We note that, even though he is leaving the U.S. Congress in just a few months, Rep. Ron Paul (R-Texas) continues to fight the good fight on Iran-related issues. Last week, Paul was one of the few to speak out, clearly and forthrightly, against the latest congressional resolution “expressing the sense of the House of Representatives regarding the importance of preventing the Government of Iran from acquiring a nuclear weapons capability.” Dr. Paul’s statement bears reading, see here. We want to highlight some of its passages:
“Once again we see on the “suspension” calendar, which is customarily reserved for non-controversial legislation, a resolution designed to move the US toward a military conflict with Iran. Sadly, it has become non-controversial for Congress to call for US attacks on foreign countries that have neither attacked nor threatened the United States.

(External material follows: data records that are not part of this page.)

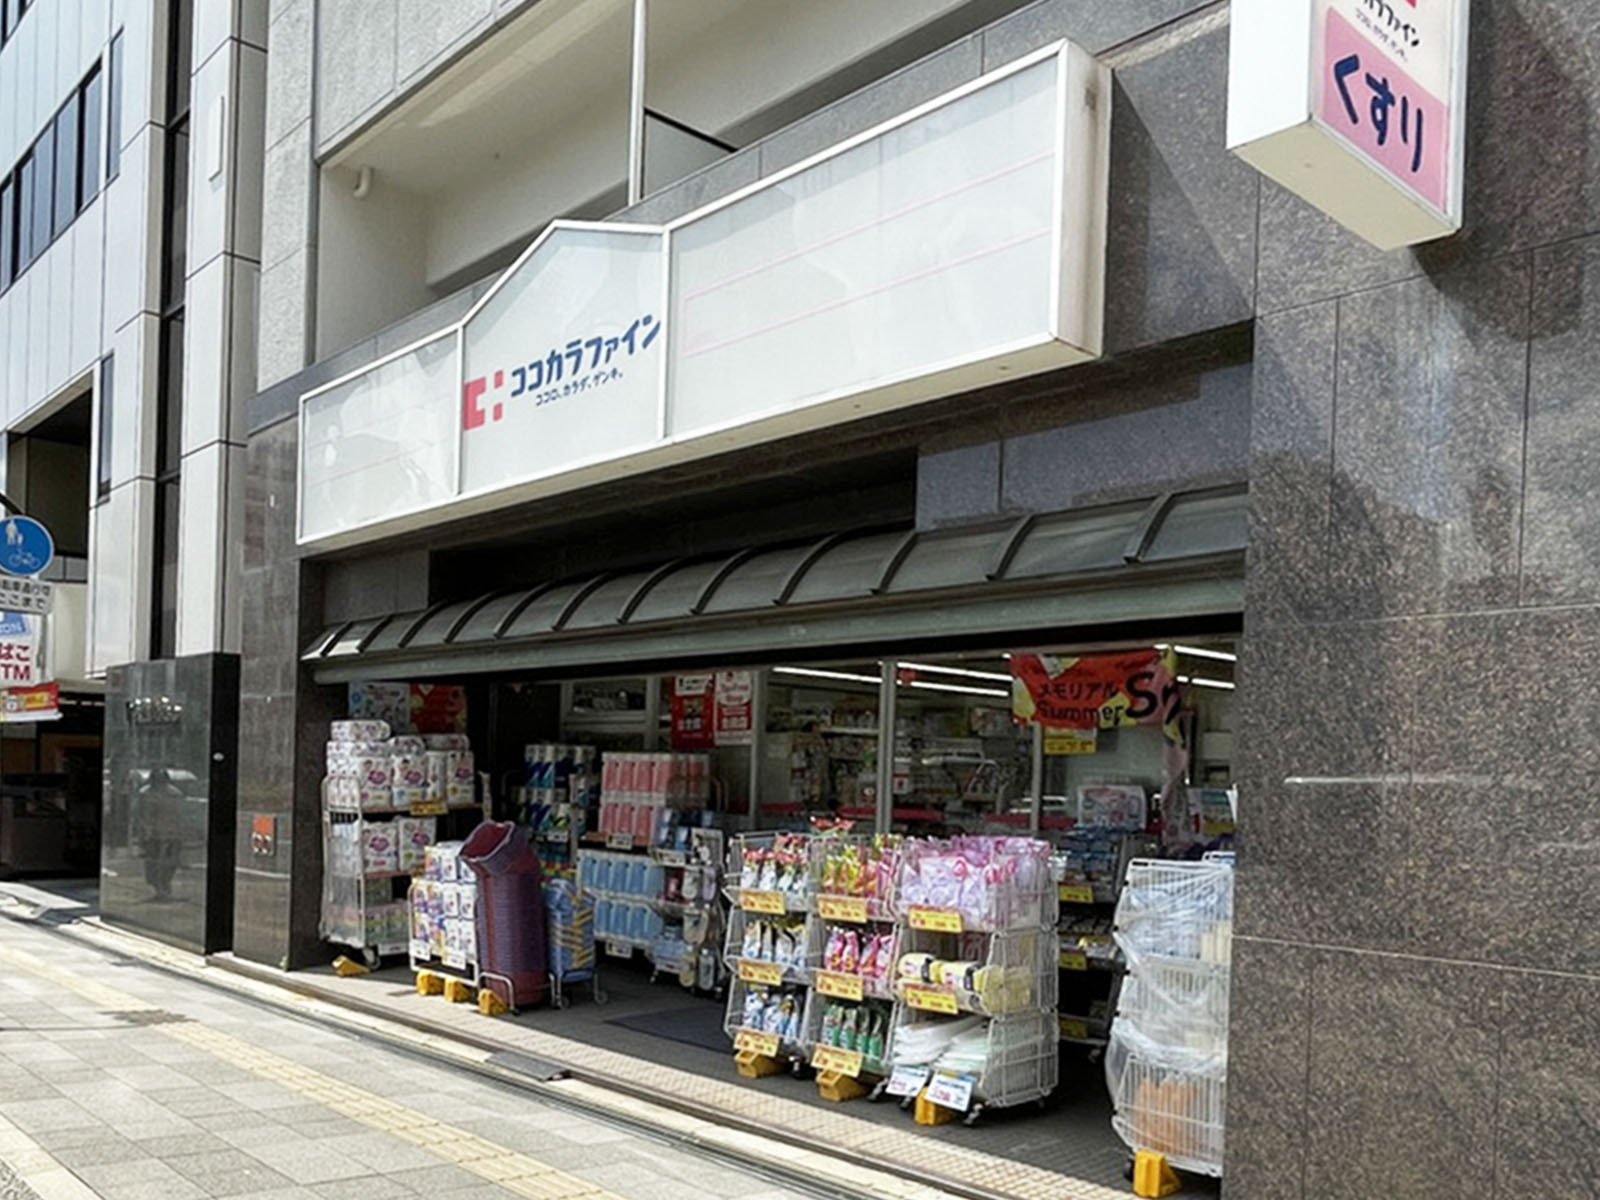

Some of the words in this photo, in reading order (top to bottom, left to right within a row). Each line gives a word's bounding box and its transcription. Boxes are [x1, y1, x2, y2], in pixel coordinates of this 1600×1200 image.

[1334, 54, 1423, 173] くすり
[510, 314, 662, 398] ココカラファイン
[1036, 701, 1124, 727] Summer
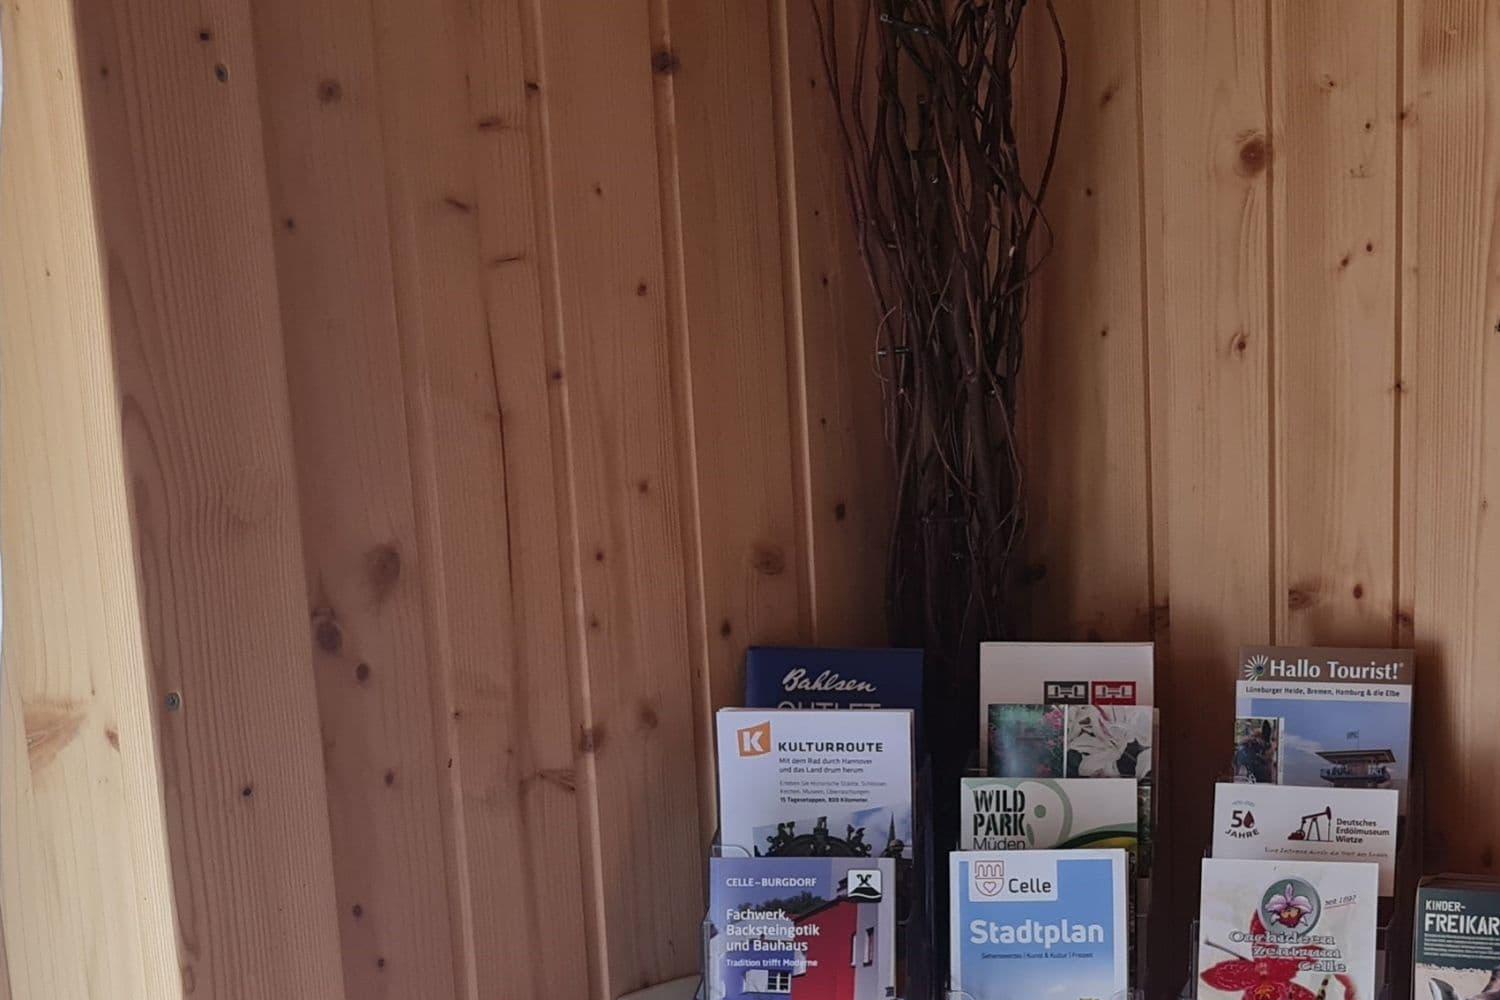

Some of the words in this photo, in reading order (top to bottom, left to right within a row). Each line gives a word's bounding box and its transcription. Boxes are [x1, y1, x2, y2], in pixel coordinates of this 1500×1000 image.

[1270, 659, 1321, 678] Hallo
[1327, 661, 1399, 680] Tourist!
[782, 668, 877, 692] Bahlsen
[1245, 687, 1282, 695] Lüneburger
[1335, 689, 1365, 697] Hamburg
[1385, 689, 1400, 697] Elbe
[778, 742, 884, 752] KULTURROUTE
[973, 790, 1026, 812] WILD
[973, 813, 1026, 836] PARK
[1337, 818, 1377, 827] Deutsches
[1225, 828, 1260, 839] JAHRE
[1336, 827, 1390, 836] Erdölmuseum
[973, 837, 1026, 850] Müden
[1335, 835, 1363, 844] Wietze
[1008, 878, 1052, 893] Celle
[1425, 900, 1466, 912] KINDER-
[726, 908, 790, 921] Fachwerk,
[726, 924, 820, 939] Backsteingotik
[969, 919, 1105, 949] Stadtplan
[1228, 930, 1335, 945] Orchideen
[726, 940, 750, 951] und
[753, 940, 809, 951] Bauhaus
[726, 958, 761, 967] Tradition
[762, 958, 781, 967] trifft
[782, 959, 818, 967] Moderne
[1298, 960, 1347, 972] Celle
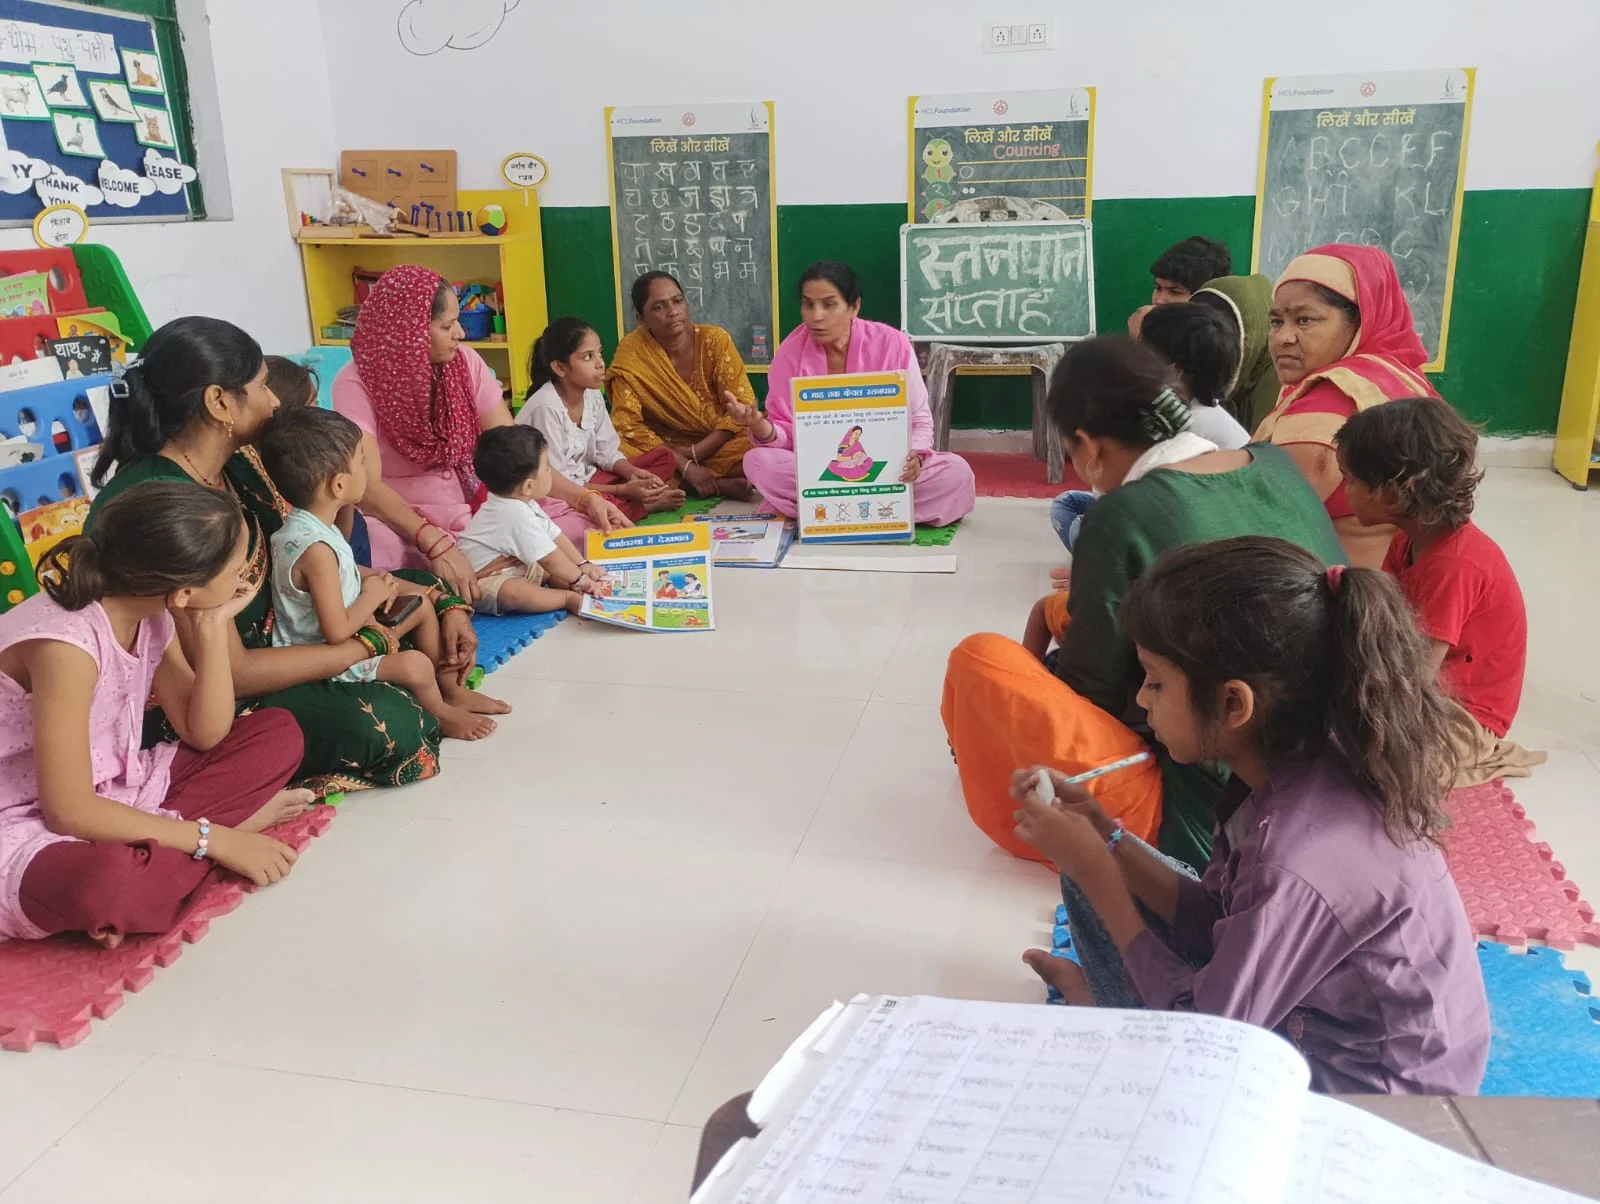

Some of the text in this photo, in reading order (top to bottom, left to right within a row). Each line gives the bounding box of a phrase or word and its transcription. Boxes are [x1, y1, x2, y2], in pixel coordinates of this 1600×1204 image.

[50, 33, 76, 63] पशु
[1316, 111, 1350, 129] लिखें
[1383, 108, 1417, 126] सीखें
[650, 138, 678, 153] लिखें
[703, 137, 730, 152] सीखें
[964, 127, 994, 144] लिखें
[1023, 125, 1053, 142] सीखें
[993, 143, 1061, 160] Counting
[912, 231, 1086, 290] स्तनपान
[919, 287, 1055, 334] सप्ताह
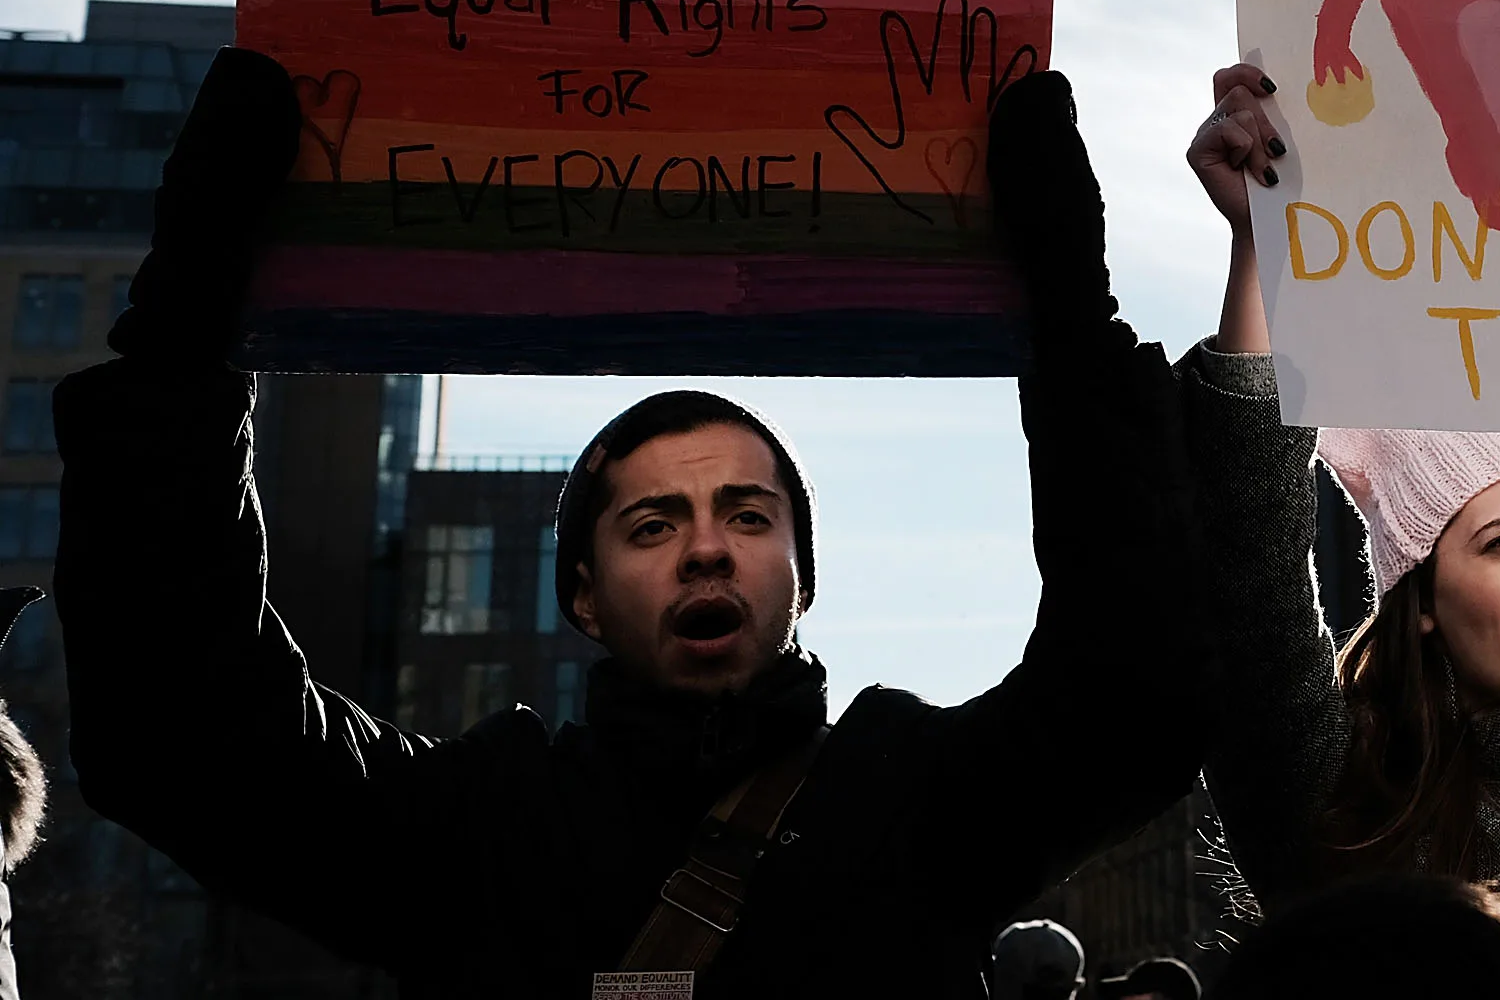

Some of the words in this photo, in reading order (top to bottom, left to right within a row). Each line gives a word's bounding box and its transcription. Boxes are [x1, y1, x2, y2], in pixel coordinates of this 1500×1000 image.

[388, 143, 822, 238] EVERYONE!
[596, 974, 638, 984] DEMAND
[640, 983, 691, 991] DIFFERENCES
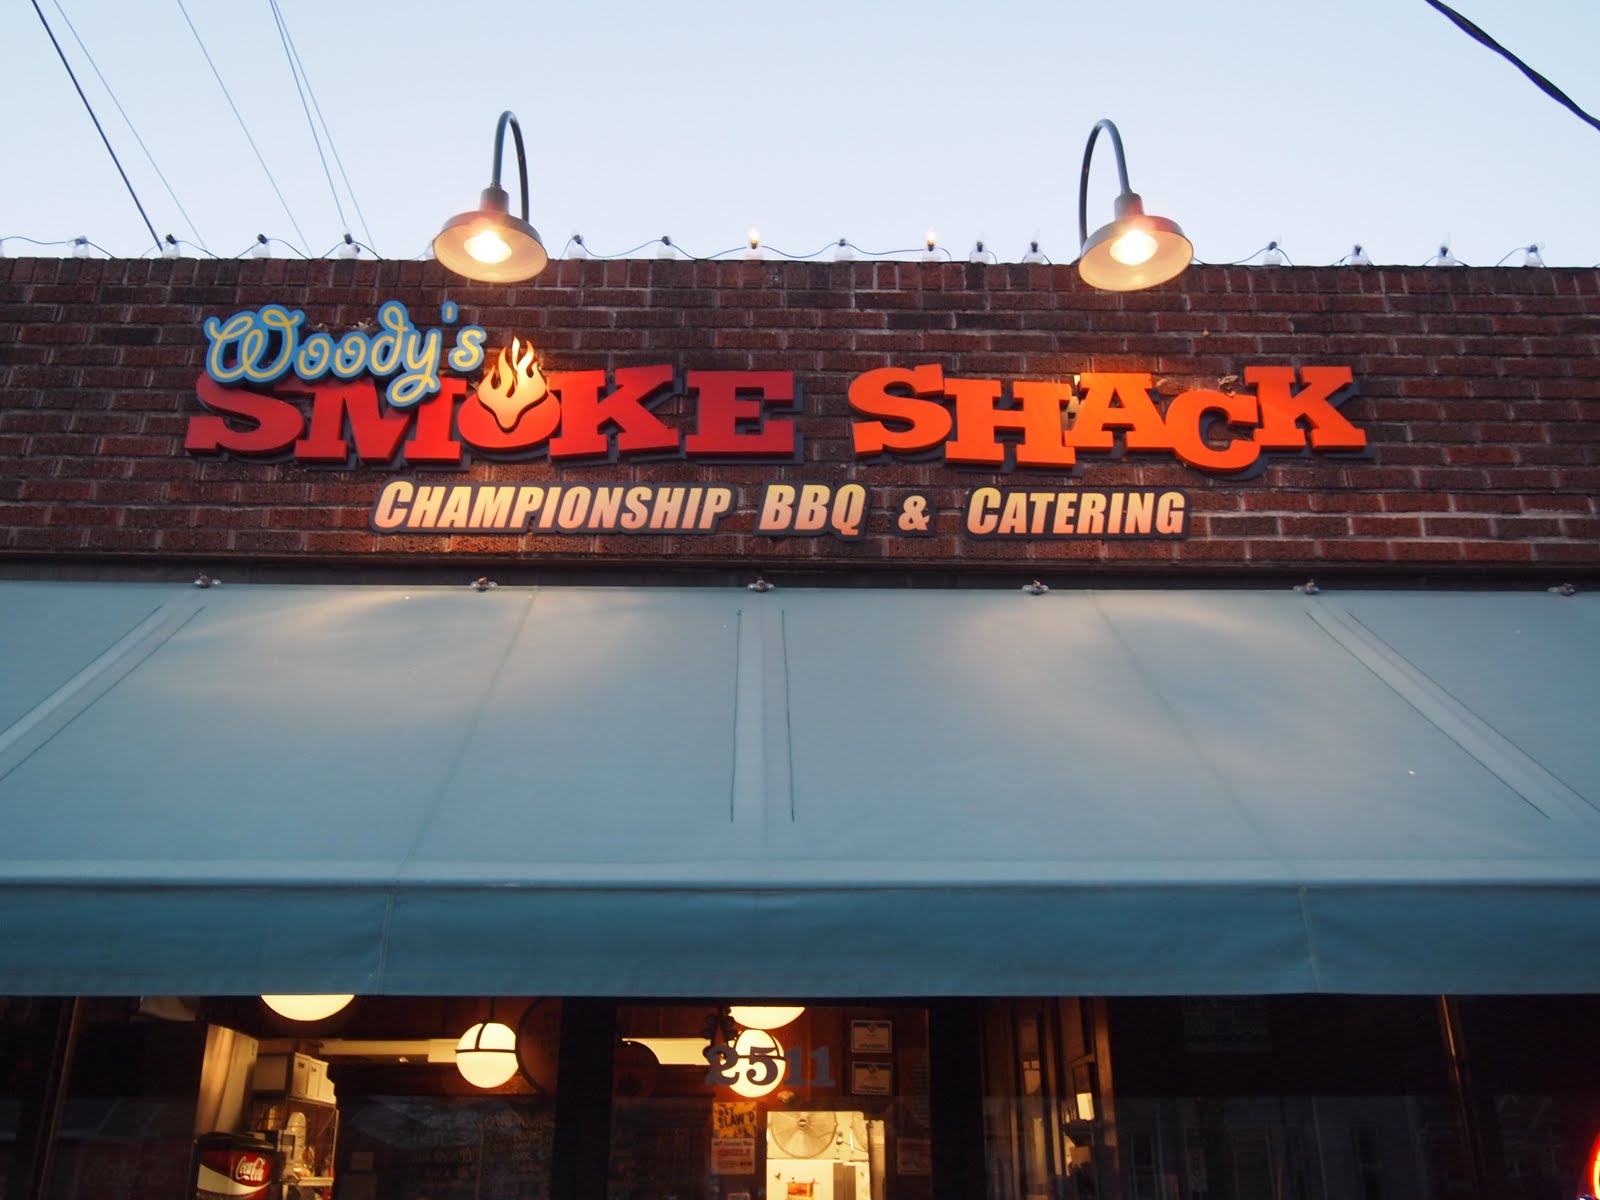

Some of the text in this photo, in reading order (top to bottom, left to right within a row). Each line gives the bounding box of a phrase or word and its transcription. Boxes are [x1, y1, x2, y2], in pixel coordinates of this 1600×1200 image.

We should not fool ourselves about the timing of this legislation. Next week, high-level talks between Iran and the five permanent UN Security Council members plus Germany (P5+1) will resume. Those who seek US military action against Iran must fear that successful diplomacy will undermine their calls for war.”
Dr. Paul then turns to the heart of the matter, which is an ongoing effort, in effect, to criminalize—or at least make militarily actionable—the pursuit of nuclear fuel cycle capabilities by calling it the pursuit of a “a ‘capability’ to develop nuclear weapons.” On this point, we were gratified that he cited Flynt:
“Iranian efforts to develop a ‘nuclear weapons capability’…may make American and Israeli elites uncomfortable. But it is not a violation of the NPT…While the NPT prohibits non-nuclear-weapon states from building atomic bombs, developing a nuclear weapons capability is [allowed] under the NPT…It is certainly not a justification—strategically, legally, or morally—for armed aggression against Iran.”
Noting that the resolution leaves the concept of “nuclear weapons capability” undefined—thus “leaving it open to very broad interpretations by this and future administrations”—he concludes: “Mr. Speaker, this is incredibly dangerous legislation. I urge my colleagues in the strongest manner to reject this stealth authorization for war on Iran.”